Absence of T-regulatory cell expression and function in atopic dermatitis skin - 15/08/11
Davos Platz and Zurich, Switzerland, Munich, Germany, and Utrecht, The Netherlands
Abstract |
Background |
The role of regulatory T cells has been widely reported in the suppression of T-cell activation. A dysfunction in CD4+CD25+ T-regulatory cell–specific transcription factor FoxP3 leads to immune dysregulation, polyendocrinopathy, enteropathy X-linked syndrome, often associated with atopic dermatitis. Increasing the number and activity of regulatory T cells in affected organs has been suggested as a remedy in various inflammatory diseases, including allergy.
Objective |
To determine the presence and function of regulatory T cells in atopic dermatitis.
Methods |
Immunohistochemistry of lesional atopic dermatitis skin and control skin conditions was used to demonstrate regulatory cells and cytokines in situ. The role of effector and regulatory T cells as well as their specific cytokines in apoptosis in human keratinocyte cultures and artificial skin equivalents was investigated.
Results |
Human T-regulatory type 1 cells, their suppressive cytokines, IL-10 and TGF-β, as well as receptors for these cytokines were significantly expressed, whereas CD4+CD25+FoxP3+ T-regulatory cells were not found in lesional and atopy patch test atopic dermatitis or psoriasis skin. Both subsets of regulatory T cells suppress the allergen-specific activation of TH1 and TH2 cells. In coculture and artificial skin equivalent experiments, subsets of T-regulatory cells neither induced keratinocyte death nor suppressed apoptosis induced by skin T cells, TH1 cells, IFN-γ, or TNF-⍺.
Conclusion |
A dysregulation of disease-causing effector T cells is observed in atopic dermatitis lesions, in association with an impaired CD4+CD25+FoxP3+ T-cell infiltration, despite the expression of type 1 regulatory cells in the dermis.

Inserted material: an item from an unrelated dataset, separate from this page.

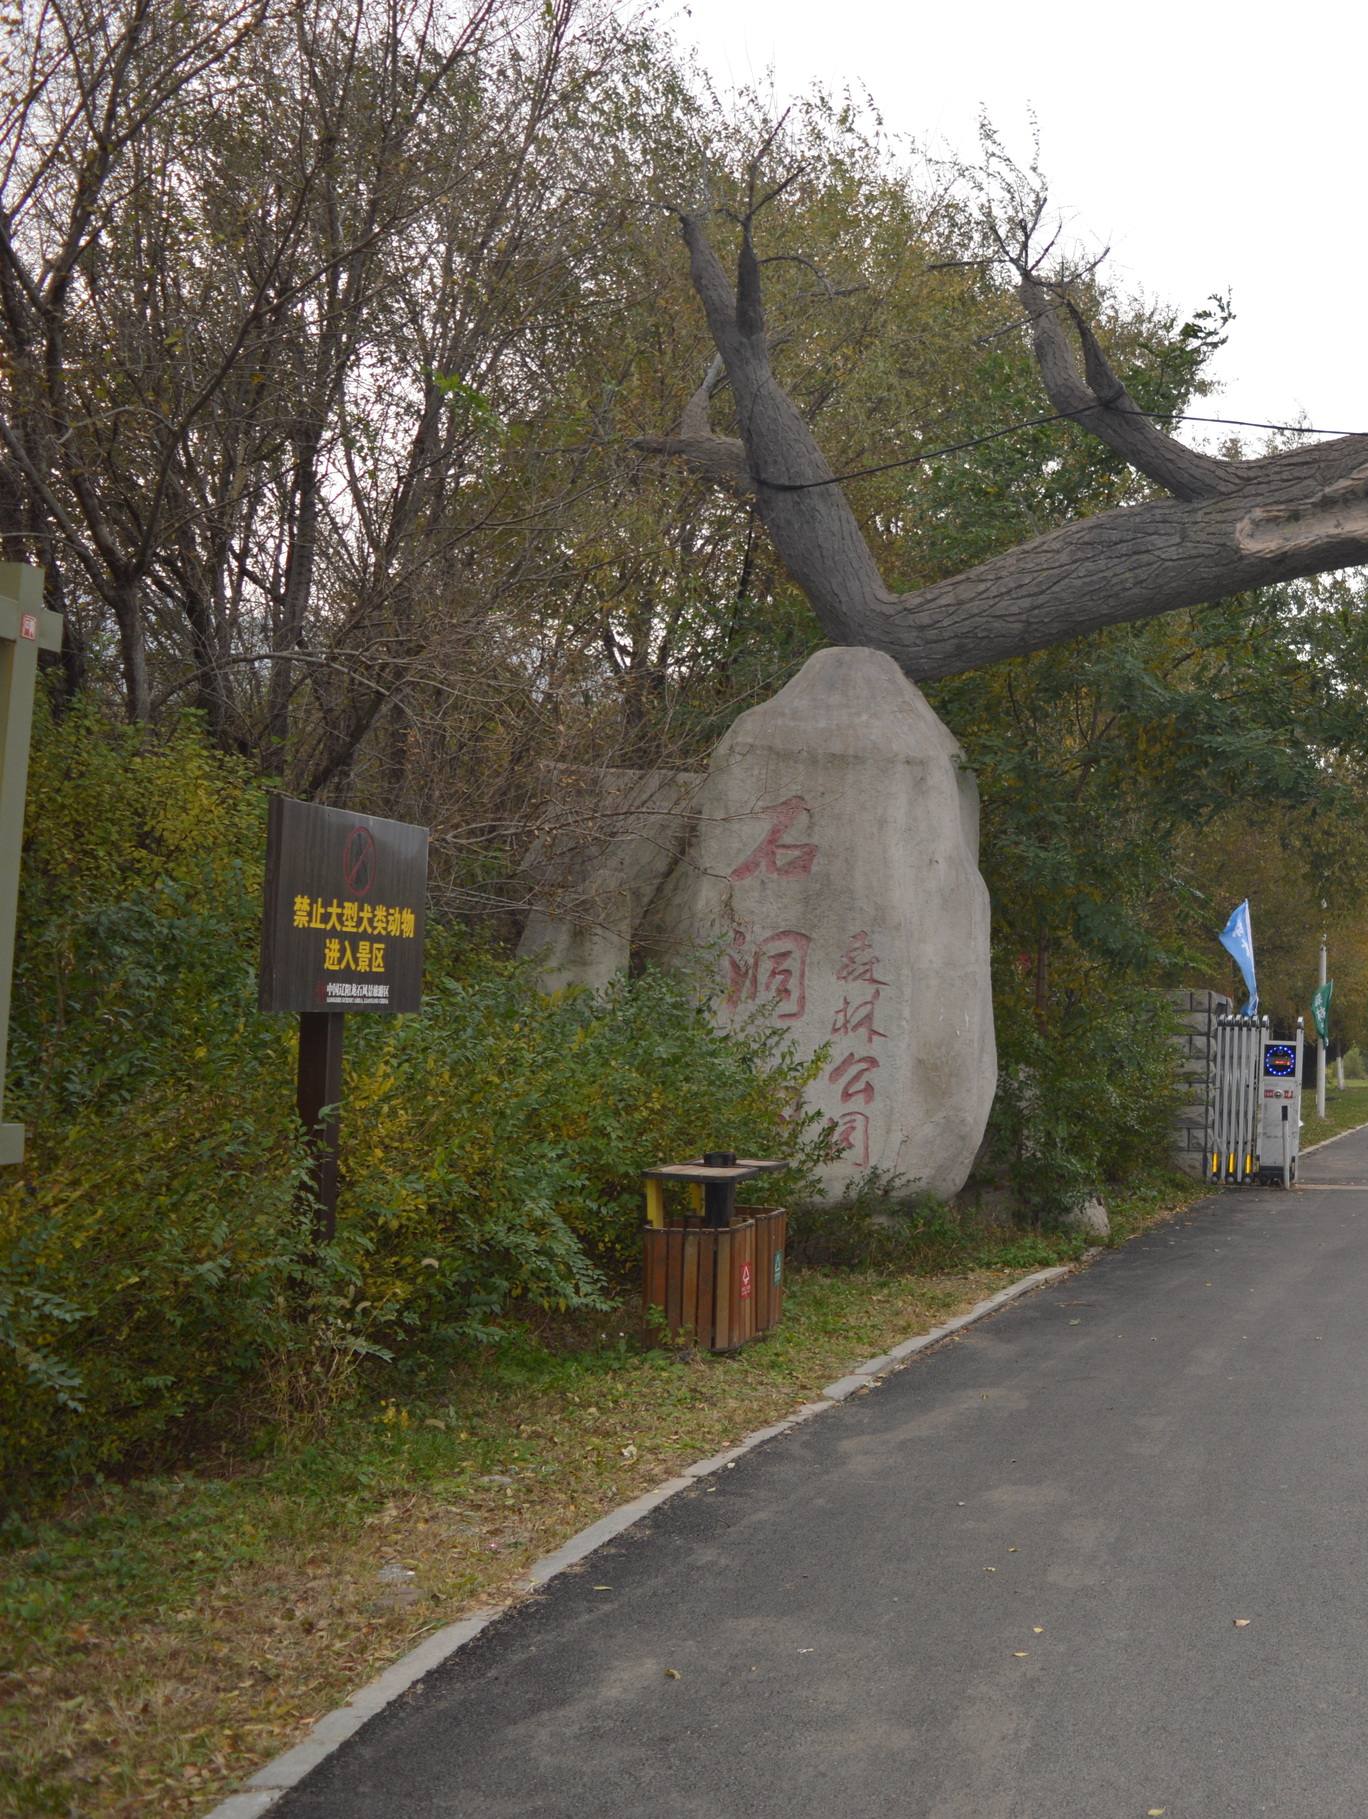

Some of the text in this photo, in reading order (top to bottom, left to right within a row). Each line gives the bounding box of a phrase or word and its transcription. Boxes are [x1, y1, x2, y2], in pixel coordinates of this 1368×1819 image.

[293, 895, 415, 938] 禁止大型犬类动物
[324, 938, 386, 973] 进入景区
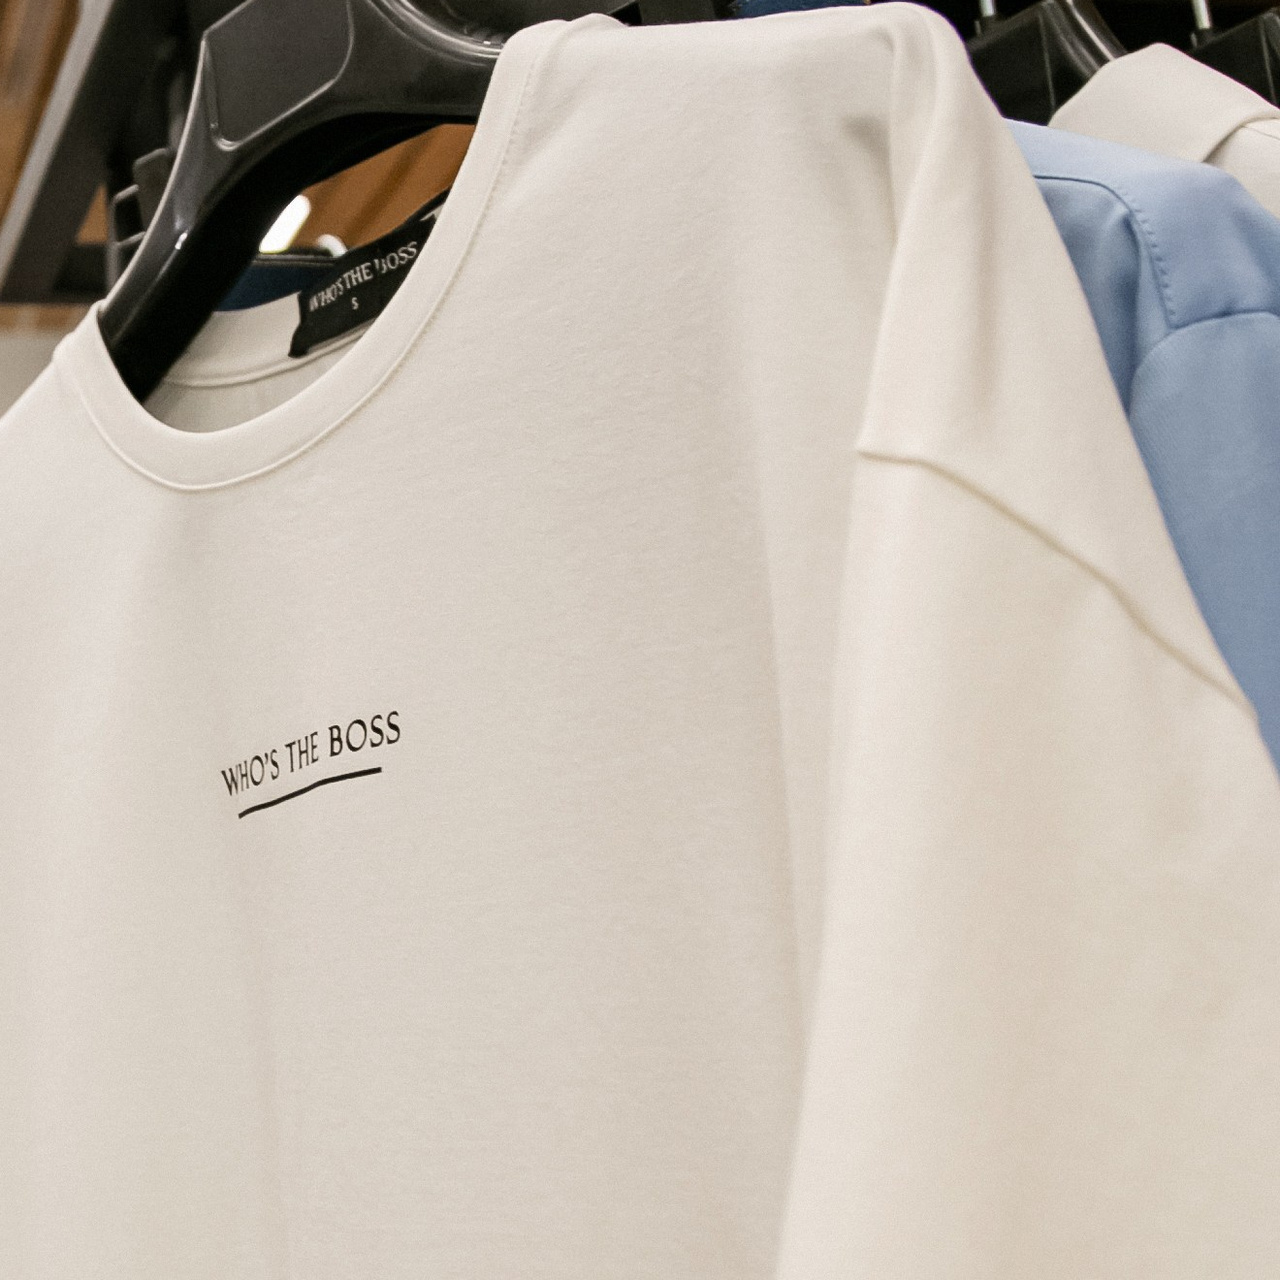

Le texte complet de cet article est disponible en PDF.Key words : Regulatory T cell, atopic dermatitis, apoptosis, suppression, regulation, skin, human, inflammation
Abbreviations used : AD, APT, FasL, HDM, NAD, Tr1, Treg
Plan
Authors’ laboratories supported by Swiss National Science Foundation grants No. 31-105865 and 32-100266 and the Global Allergy and Asthma European Network (GA2LEN). |
Vol 117 - N° 1
P. 176-183 - janvier 2006 Retour au numéroBienvenue sur EM-consulte, la référence des professionnels de santé.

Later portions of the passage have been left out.